**TASK STATEMENT:**
Take from the entries below the stretch from the line with "Some of the text" through the line with "this 1600×1200 image.", and return it exactly, leaving the pictures out.

[[ RECORDS SHOWN, beginning ]]

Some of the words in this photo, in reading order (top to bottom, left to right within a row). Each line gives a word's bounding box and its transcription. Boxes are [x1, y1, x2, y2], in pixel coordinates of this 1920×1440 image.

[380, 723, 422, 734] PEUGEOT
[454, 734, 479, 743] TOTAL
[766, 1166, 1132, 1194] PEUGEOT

[[ RECORDS SHOWN, end ]]
[[ RECORDS SHOWN, beginning ]]

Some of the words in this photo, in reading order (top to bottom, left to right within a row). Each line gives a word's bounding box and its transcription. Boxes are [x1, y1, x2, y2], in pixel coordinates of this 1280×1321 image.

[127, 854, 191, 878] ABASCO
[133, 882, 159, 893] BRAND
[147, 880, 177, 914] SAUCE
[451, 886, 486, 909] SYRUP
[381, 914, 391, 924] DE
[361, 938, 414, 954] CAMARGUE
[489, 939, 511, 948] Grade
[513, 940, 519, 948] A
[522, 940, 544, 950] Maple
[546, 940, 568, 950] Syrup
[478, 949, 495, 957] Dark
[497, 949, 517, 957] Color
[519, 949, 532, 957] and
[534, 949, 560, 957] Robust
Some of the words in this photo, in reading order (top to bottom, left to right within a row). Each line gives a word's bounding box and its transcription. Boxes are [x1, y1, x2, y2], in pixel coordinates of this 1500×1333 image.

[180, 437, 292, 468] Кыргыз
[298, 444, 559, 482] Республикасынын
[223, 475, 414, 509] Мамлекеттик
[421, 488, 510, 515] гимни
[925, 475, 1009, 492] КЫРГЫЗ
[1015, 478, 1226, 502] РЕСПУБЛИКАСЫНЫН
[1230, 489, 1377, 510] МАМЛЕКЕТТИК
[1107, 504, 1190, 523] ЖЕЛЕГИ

[[ RECORDS SHOWN, end ]]
[[ RECORDS SHOWN, beginning ]]

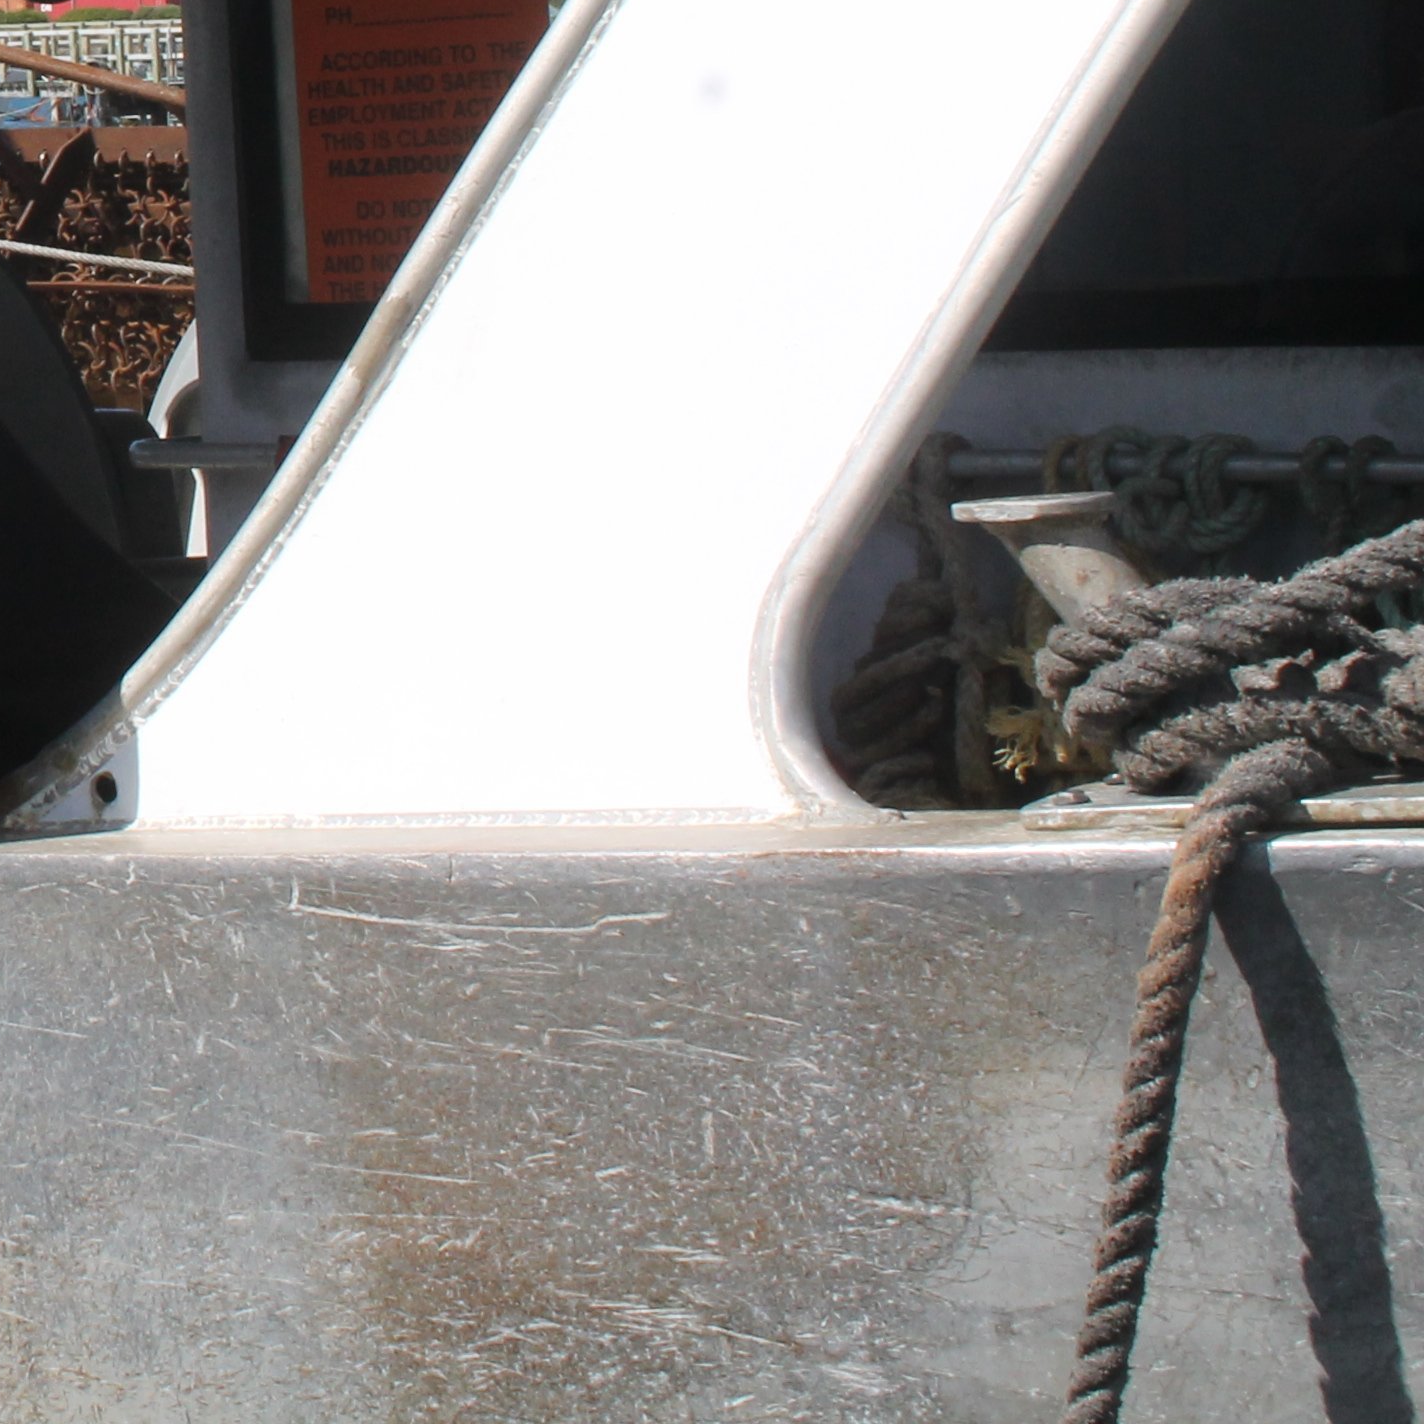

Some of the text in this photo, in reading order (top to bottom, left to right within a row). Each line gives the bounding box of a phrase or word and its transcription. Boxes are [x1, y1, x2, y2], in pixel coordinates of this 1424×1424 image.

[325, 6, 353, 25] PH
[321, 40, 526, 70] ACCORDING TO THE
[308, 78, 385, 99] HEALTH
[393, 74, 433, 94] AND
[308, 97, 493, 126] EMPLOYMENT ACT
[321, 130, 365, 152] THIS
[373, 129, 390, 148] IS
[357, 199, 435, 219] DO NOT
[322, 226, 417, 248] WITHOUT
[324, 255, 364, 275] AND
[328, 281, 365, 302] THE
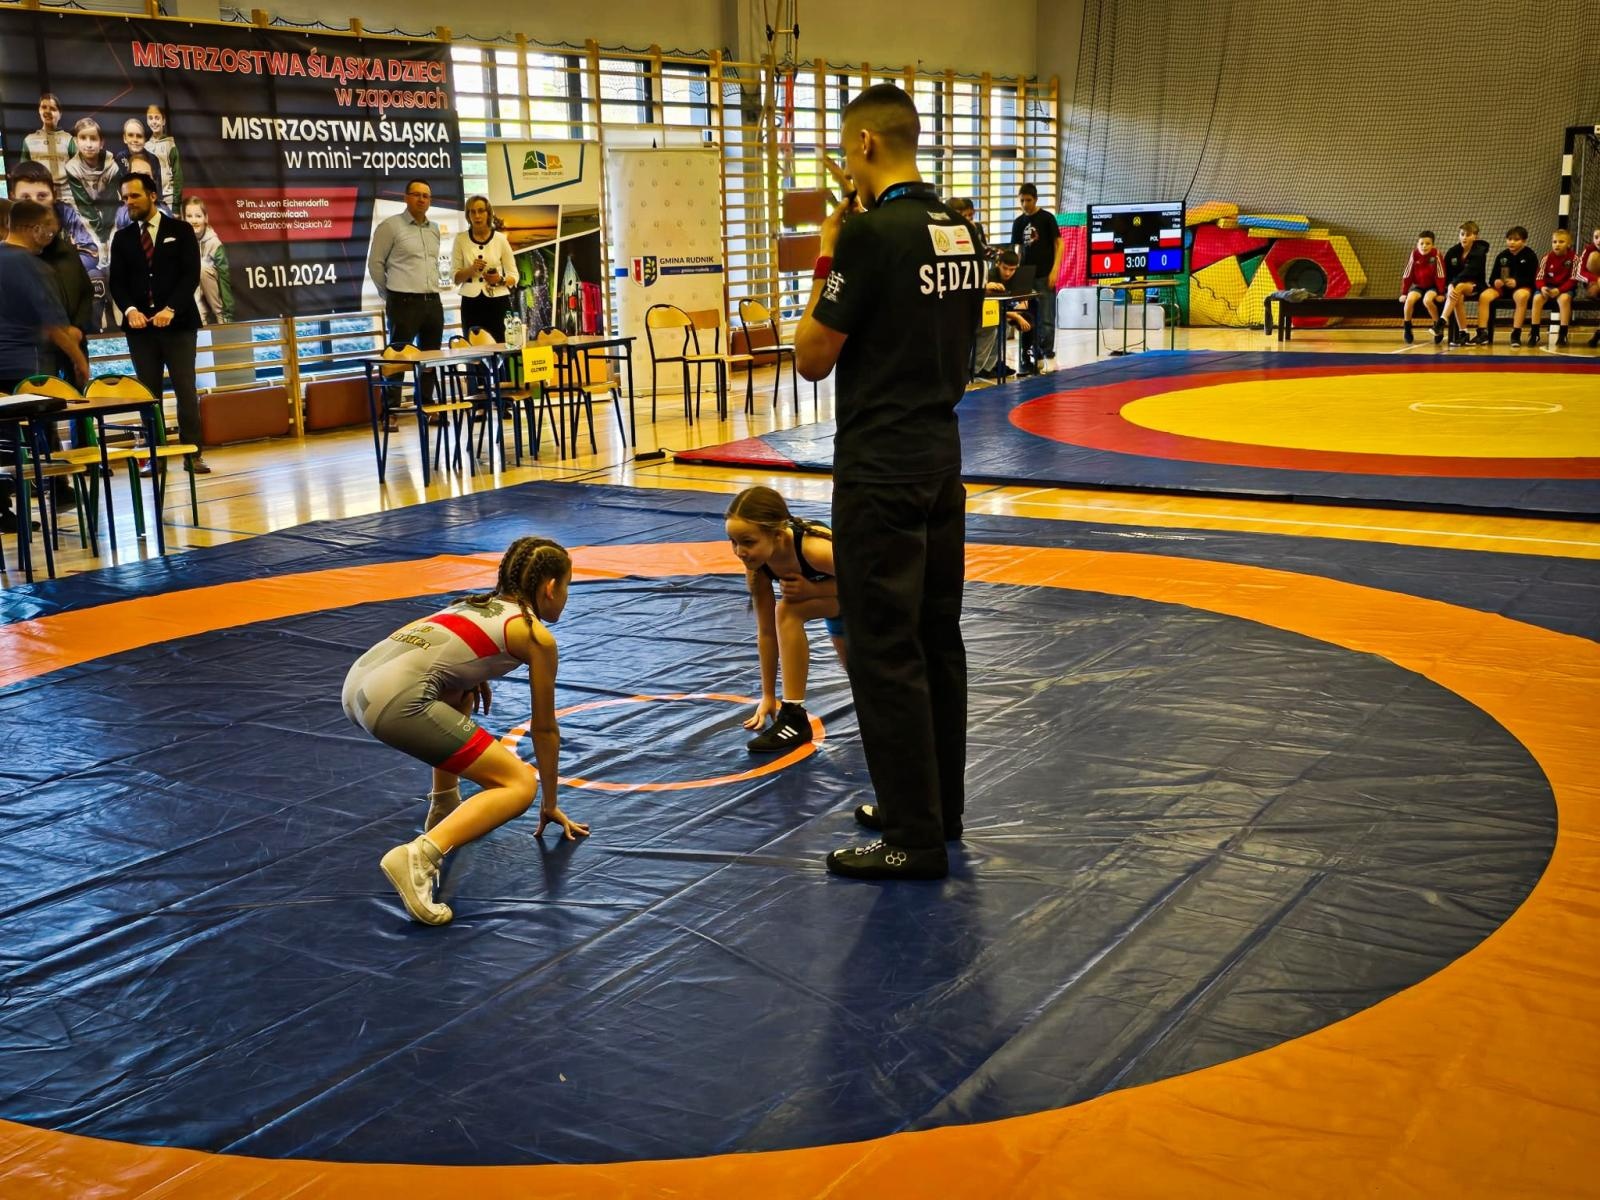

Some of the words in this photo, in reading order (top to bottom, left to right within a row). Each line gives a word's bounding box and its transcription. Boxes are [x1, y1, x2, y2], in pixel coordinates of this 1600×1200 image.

[[ RECORDS SHOWN, end ]]

**EXERCISE RESULT:**
Some of the text in this photo, in reading order (top to bottom, left to right within a row). Each line gives the bounding box of a phrase or word and its transcription. Boxes are [x1, y1, x2, y2], in pixel coordinates of this 1424×1424 image.

[325, 6, 353, 25] PH
[321, 40, 526, 70] ACCORDING TO THE
[308, 78, 385, 99] HEALTH
[393, 74, 433, 94] AND
[308, 97, 493, 126] EMPLOYMENT ACT
[321, 130, 365, 152] THIS
[373, 129, 390, 148] IS
[357, 199, 435, 219] DO NOT
[322, 226, 417, 248] WITHOUT
[324, 255, 364, 275] AND
[328, 281, 365, 302] THE

Some of the words in this photo, in reading order (top to bottom, left to right within a row). Each line gives a word's bounding box and its transcription. Boxes are [x1, y1, x2, y2], in pixel coordinates of this 1600×1200 image.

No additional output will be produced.